I am appalled!

All humans must adapt to the consent plans of this small standards group!
I for one do not plan to adapt - sorry about that!

Peace ..tom jones


On Thu, Dec 26, 2024 at 4:15 PM David Waite <da...@alkaline-solutions.com>
wrote:

>
>
> > On Dec 26, 2024, at 10:38 AM, Tom Jones <thomasclinganjo...@gmail.com>
> wrote:
> >
> > This problem was clearly demonstrated by the California mDL hackathon
> where the default presentation was ALL DATA. That is the easiest path, so
> it remains the one most taken. We have known since standards were first
> introduced that they immediately create a drive to the bottom. This will be
> the fate of this standard as well. The most permissive interpretation will
> be the most common. The user's desires will not be met.
> >
>
> The consequence of splitting out the policy for controlling data release
> from the issuing authority is that the complexity that was the business
> logic for handling requests, determining if they are appropriate for the
> use case, prompting the user for consent, etc. is now all complexity pushed
> into the (likely third party) user agent.
>
> Architectures like PRIVACYPASS create individual solutions to release a
> particular type of information in the most privacy-preserving manner they
> are capable of.

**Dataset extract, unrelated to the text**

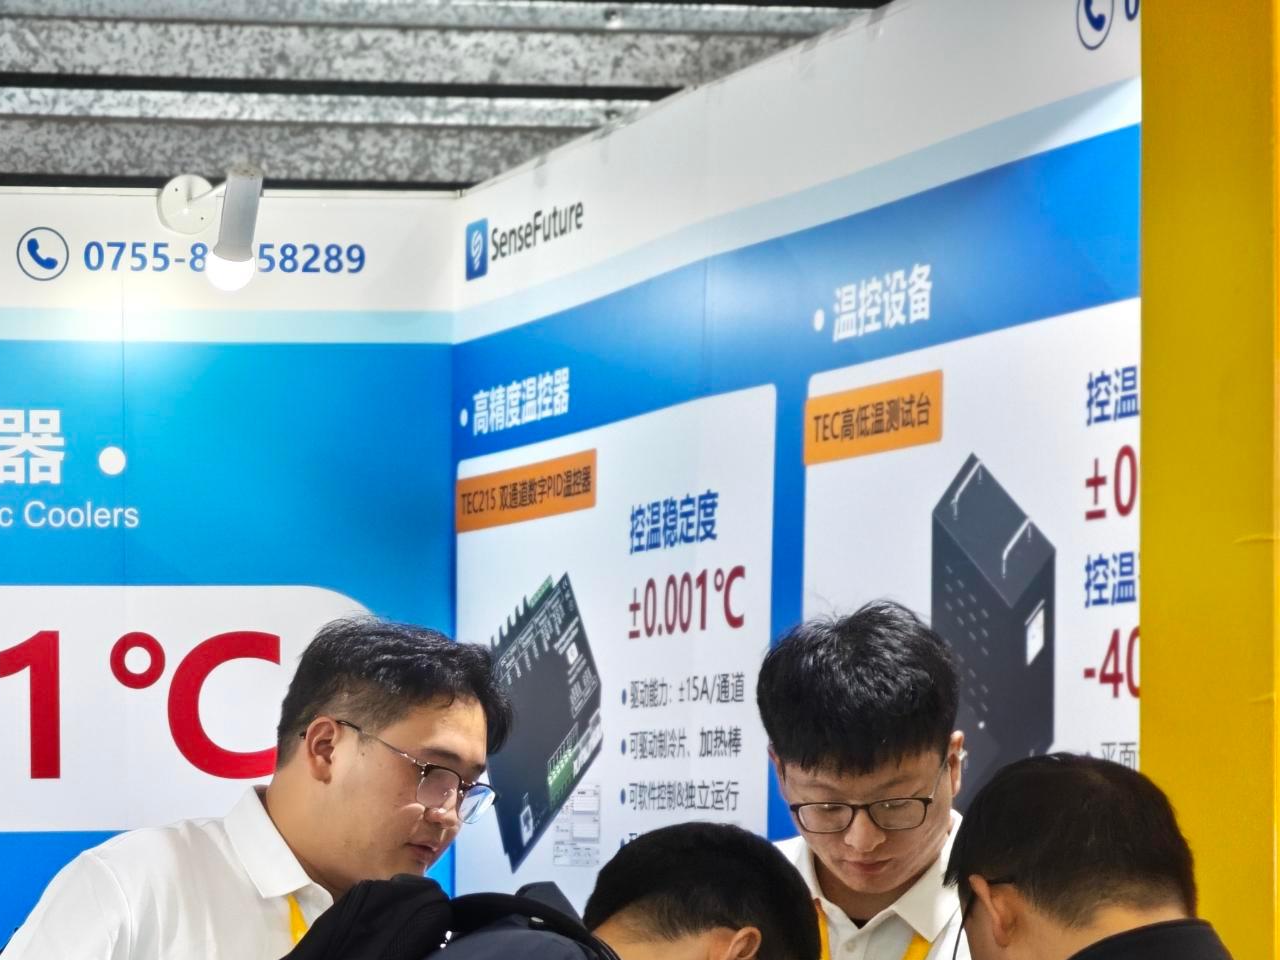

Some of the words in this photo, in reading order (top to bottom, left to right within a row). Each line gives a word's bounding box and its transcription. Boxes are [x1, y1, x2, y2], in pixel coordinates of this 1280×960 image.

This sort of business logic is baked into the protocol, and
> the scope of implementation is thus boxed to solve that particular problem.
> The user agent can only work per the spec if it intends to work properly,
> and following the specification (hopefully) leads to a complete
> implementation.
>
> The majority of verifiable credentials systems proposed have no such
> bounds - which is one reason you are likely to see credentials often scoped
> to be issued only to specific, qualified wallets in production. Those
> specific user agents will enforce the required security and privacy
> requirements the issuer has for their credential. That is both their own
> policy logic to be enforced (such as a credential being bound to hardware),
> as well as their own requirements for appropriate user behavior (such as
> mandatory authentication and mandatory disclosure before the credential is
> released). That could include verifier authentication and having the holder
> agent confirm the verifier is authorized by the issuer to make the sort of
> request they are making - before a user consent prompt ever enters the
> picture.
>
> You could say that the captcha usage of privacy pass and AAMVA mDL usage
> are the same in that they develop trust frameworks that define the network
> of acceptable participants. I suspect however that the requirements for the
> latter contain significantly more requirements and potentially new
> technical works.
>
> A mDL hackathon has likely not set such policy or mandated that mDL and
> readers abide by it. They may not even have wanted to limit participants to
> having support for specifying complex queries (especially with the
> OpenID4VP query language changes which occurred recently). I’m not
> surprised a hackathon defaulted to a wide-open attribute policy.